Big steel makers have managed to manage coking coal price fluctuations, but the domestic merchant pig iron industry is reeling under losses. Sponge iron players, too, are dependent on imports.
“Since 2016, international coking coal prices have been highly volatile. Prices have zoomed 140 per cent since April 2016 whereas the corresponding rise in pig iron prices is only 46 per cent.
Coking coal has no substitute in steel making. Import duty of 2.5 per cent and GST compensation cess of Rs 400 per tonne is piling up burden for the producers”, an industry source said.
At 15 per cent, India's iron ore royalty is the steepest in the world. Brazil, the top producer, levies only two per cent. Australia, another large ore producer, has royalty on iron ore in the range of 5.35-7.5 per cent.

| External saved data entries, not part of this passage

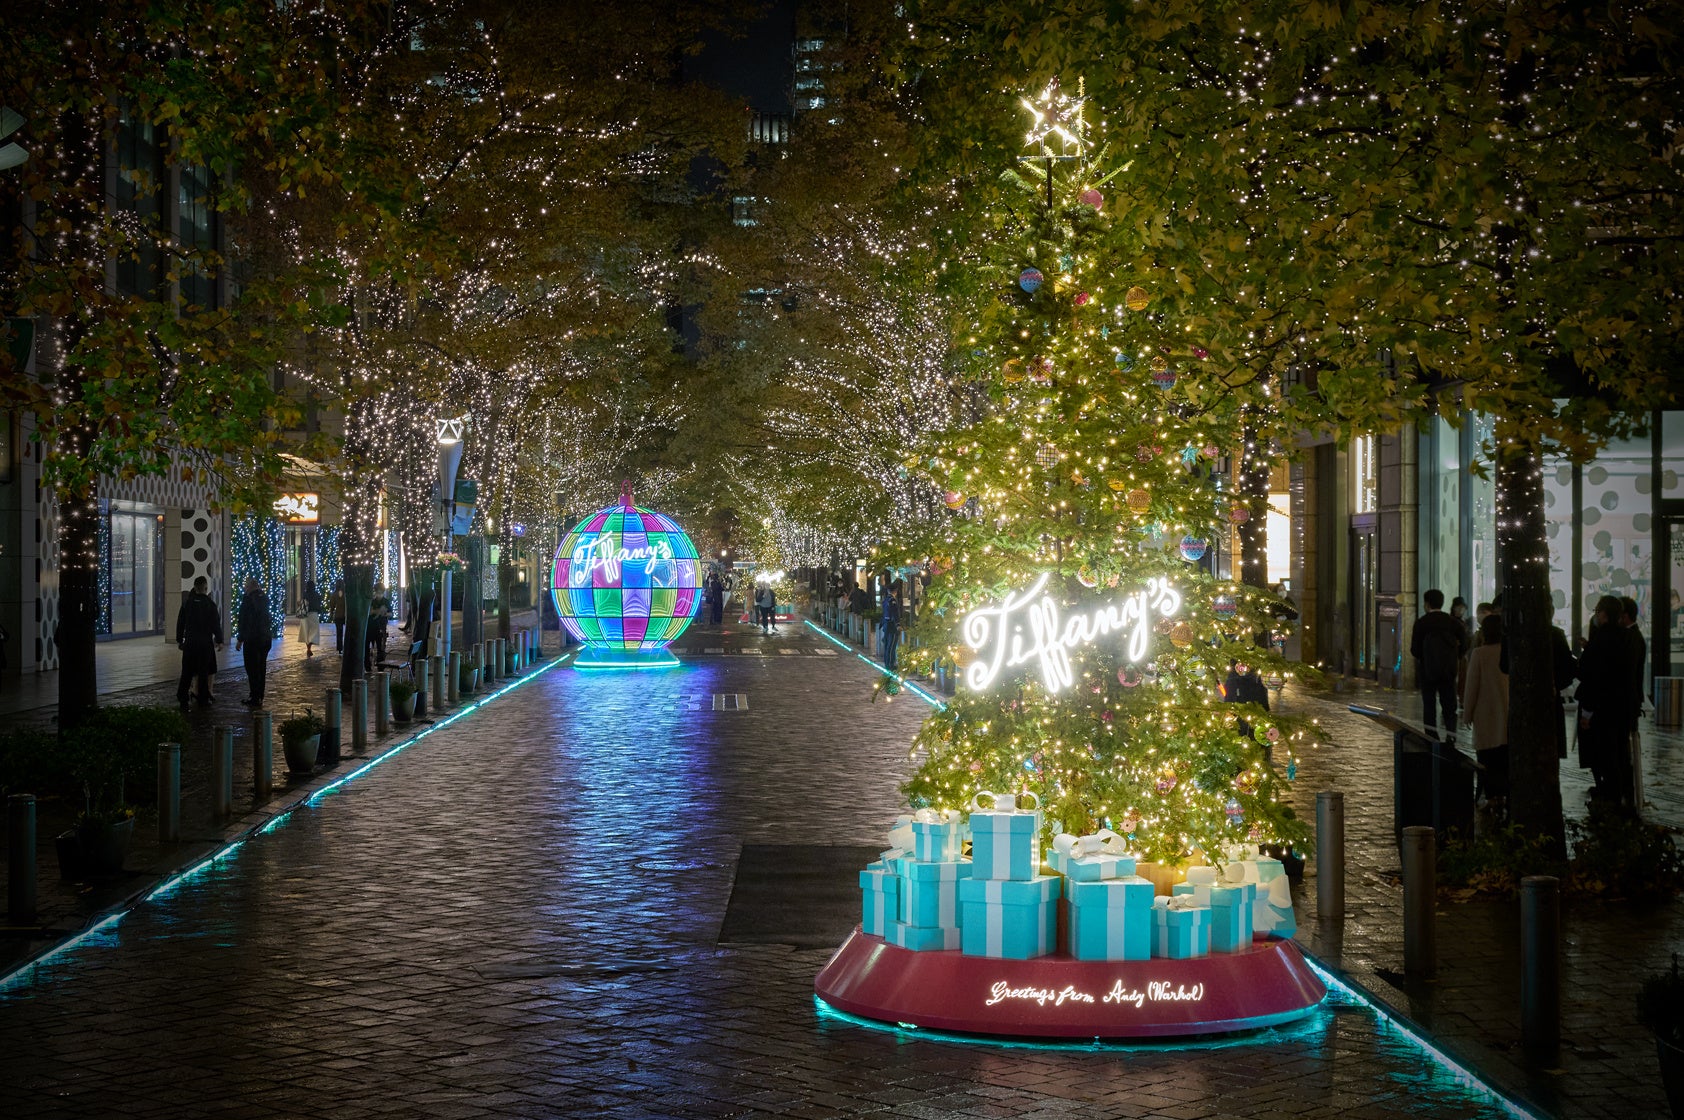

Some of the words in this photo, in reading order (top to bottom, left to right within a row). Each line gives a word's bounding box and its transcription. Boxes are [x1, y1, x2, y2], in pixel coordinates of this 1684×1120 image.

[573, 530, 672, 584] Tiffany's
[963, 571, 1182, 693] Tiffany's
[985, 981, 1055, 1006] Greetings
[1055, 985, 1095, 1006] from
[1103, 979, 1146, 1008] Andy
[1147, 981, 1204, 1001] (Warhol)

The domestic producers feel iron ore royalty in India needs to be lowered to 5-8 per cent to align with the competitive tax practices in other resource rich nations.
Imported scrap feeds 15 per cent of the domestic pig iron demand of 35 mt per annum. And, with scrap competing with pig iron, lower price scrap imports have unduly pressured the domestic players, resulting in shutdown of many units.
To tame the swelling scrap imports, the pig iron players have urged the Government to hike duty from 2.5 per cent to 10 per cent in 2019-20 Budget.
A review of Minimum Import Price (MIP) of scrap to align it with current domestic level and implementing BIS standards will also spell relief for the domestic makers, they suggested.